En réaction aux arrestations massives des Palestiniens d’Israël, les membres du réseau des Médias indépendants sur le monde arabe publient ensemble cet article de Majd Kayyal, écrivain et journaliste d’Haïfa. Il appelle à l’unité de tous les Palestiniens contre les coups de butoir sécuritaires et idéologiques du gouvernement Israélien.

Traduit de l’arabe par Kawthar Guediri. Cette tribune est publiée par le réseau Médias indépendants sur le monde arabe, dont fait partie Orient XXI.

C’est à ce moment précis que j’ai le plus peur. Parce que je sais que la guerre la plus profonde et la plus difficile commence maintenant.

Empêcher par la force l’unité

Cette guerre-là se mène sur deux fronts.

D’abord sur le front sécuritaire : Israël cherche à remettre à jour l’image du « monstre » que nous avions brisée. La presse en hébreu explique que la police a été « choquée » par le soulèvement populaire et qu’elle essaie maintenant de restaurer une « force de dissuasion », c’est-à-dire qu’elle souhaite afficher puis exercer sa violence et sa brutalité afin de nous ramener à la peur et la soumission, de nous terroriser de nouveau, de nous empêcher de sortir dans la rue, et que nous ne lancions pas de nouvel appel à l’unité palestinienne.

Après l’arrestation dans les territoires de 1948 de plus de 1 500 jeunes femmes et hommes ces deux dernières semaines, le ministère de l’intérieur a annoncé le 21 mai (en même temps que le « cessez-le-feu »), une campagne intitulée « Le droit et l’ordre ». Dans ce cadre seront utilisés des unités de garde-frontières, de la police secrète, des unités spéciales et des bataillons de réserve, afin de procéder à l’arrestation de plus de 500 personnes dans les heures et jours à venir. Ces 500 personnes ont été ciblées dans le but de « régler des comptes » avec les jeunes.
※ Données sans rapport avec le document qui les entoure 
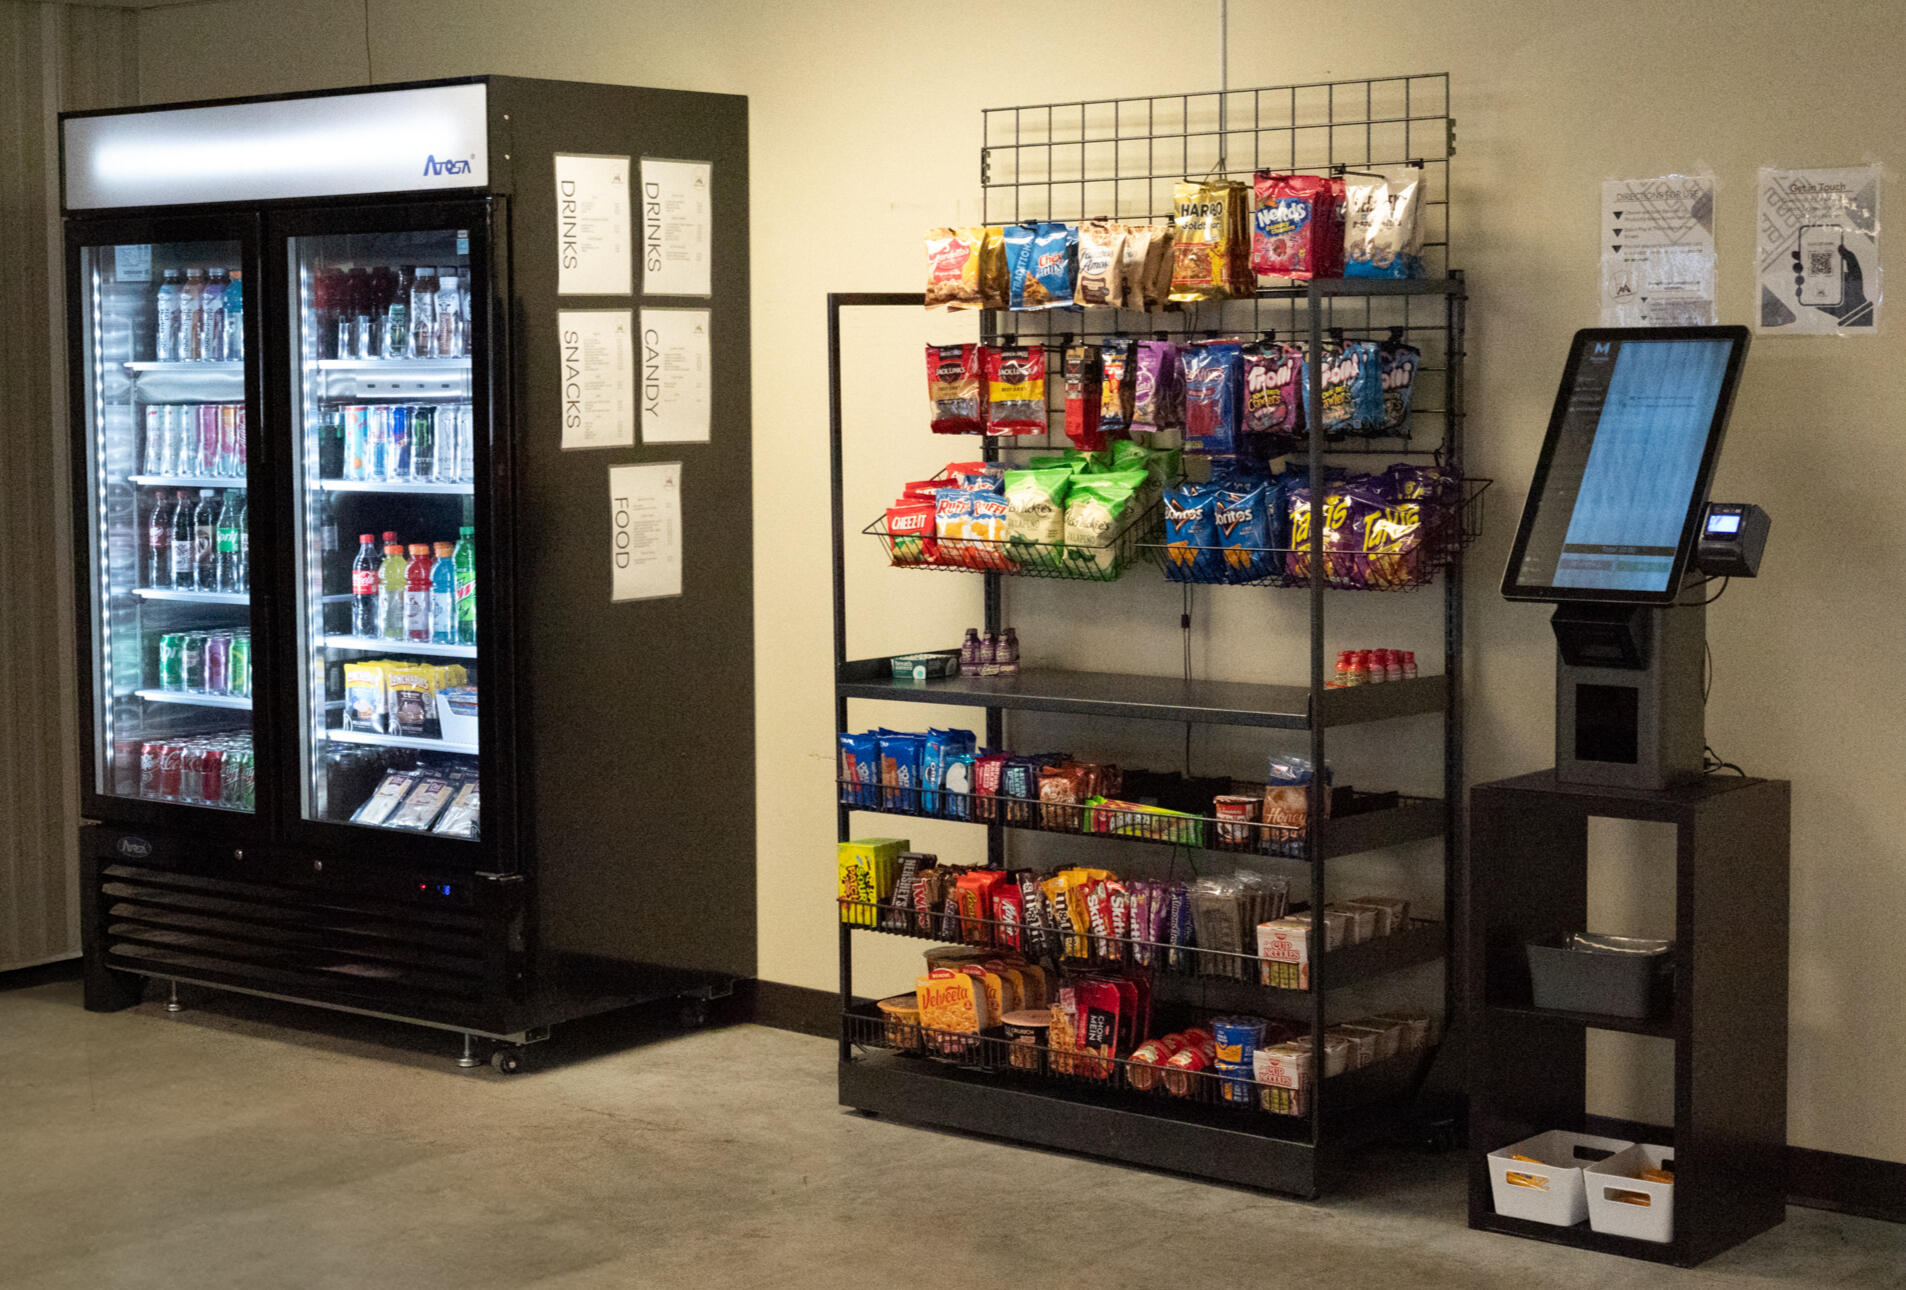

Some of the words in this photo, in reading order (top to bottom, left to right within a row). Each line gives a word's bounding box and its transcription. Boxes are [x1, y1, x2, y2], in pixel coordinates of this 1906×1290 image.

[1818, 182, 1846, 191] Touch
[561, 180, 578, 270] DRINKS
[645, 182, 662, 272] DRINKS
[1257, 200, 1306, 228] Nerds
[1080, 258, 1108, 271] Amos
[564, 330, 581, 429] SNACKS
[644, 329, 660, 417] CANDY
[1248, 359, 1293, 392] Trolli
[1382, 362, 1412, 390] olli
[614, 497, 630, 569] FOOD
[1290, 495, 1352, 550] Tais
[1265, 806, 1305, 825] Honey
[896, 859, 916, 907] HERSHEY'S
[922, 984, 968, 1010] Velveeta
[1089, 1015, 1097, 1041] MEIN
[1096, 1015, 1105, 1043] CHOW
D’une ampleur sans précédent, cette campagne est une déclaration de guerre qui ne doit pas passer inaperçue1.

Les forces d’oppression israéliennes essaient de restaurer leur autorité par la violence et les prisons en détruisant la vie de nos jeunes.

Un second front a des répercussions plus profondes et plus dangereuses : l’institution sécuritaire commence à étendre ses campagnes et activités sociales afin de réécrire la mémoire populaire, avec comme objectif de remplacer l’histoire que la population a édifiée dans la rue et les sacrifices qu’elle a faits par un narratif qui renforce notre division et sert la stratégie coloniale israélienne.

Il est vrai que les gens qui sont descendus dans la rue ont donné un exemple de force, de courage, de défi, d’unité et de solidarité merveilleux et différent. Il est de notre responsabilité de nous appuyer sur leur exemple. Cette fois-ci, nous ne devons pas répéter les erreurs du passé, et nous ne devons pas permettre que notre histoire soit volée.

La fable de « l’exception de l’intérieur »

Cette révolte populaire est une matière première et la question est de savoir qui d’entre nous saura au mieux la faire fructifier. Israël va essayer de l’utiliser afin de porter un coup douloureux au niveau de la prise de conscience, en accordant des privilèges sociaux, économiques et politiques à tous ceux qui le rejoindront.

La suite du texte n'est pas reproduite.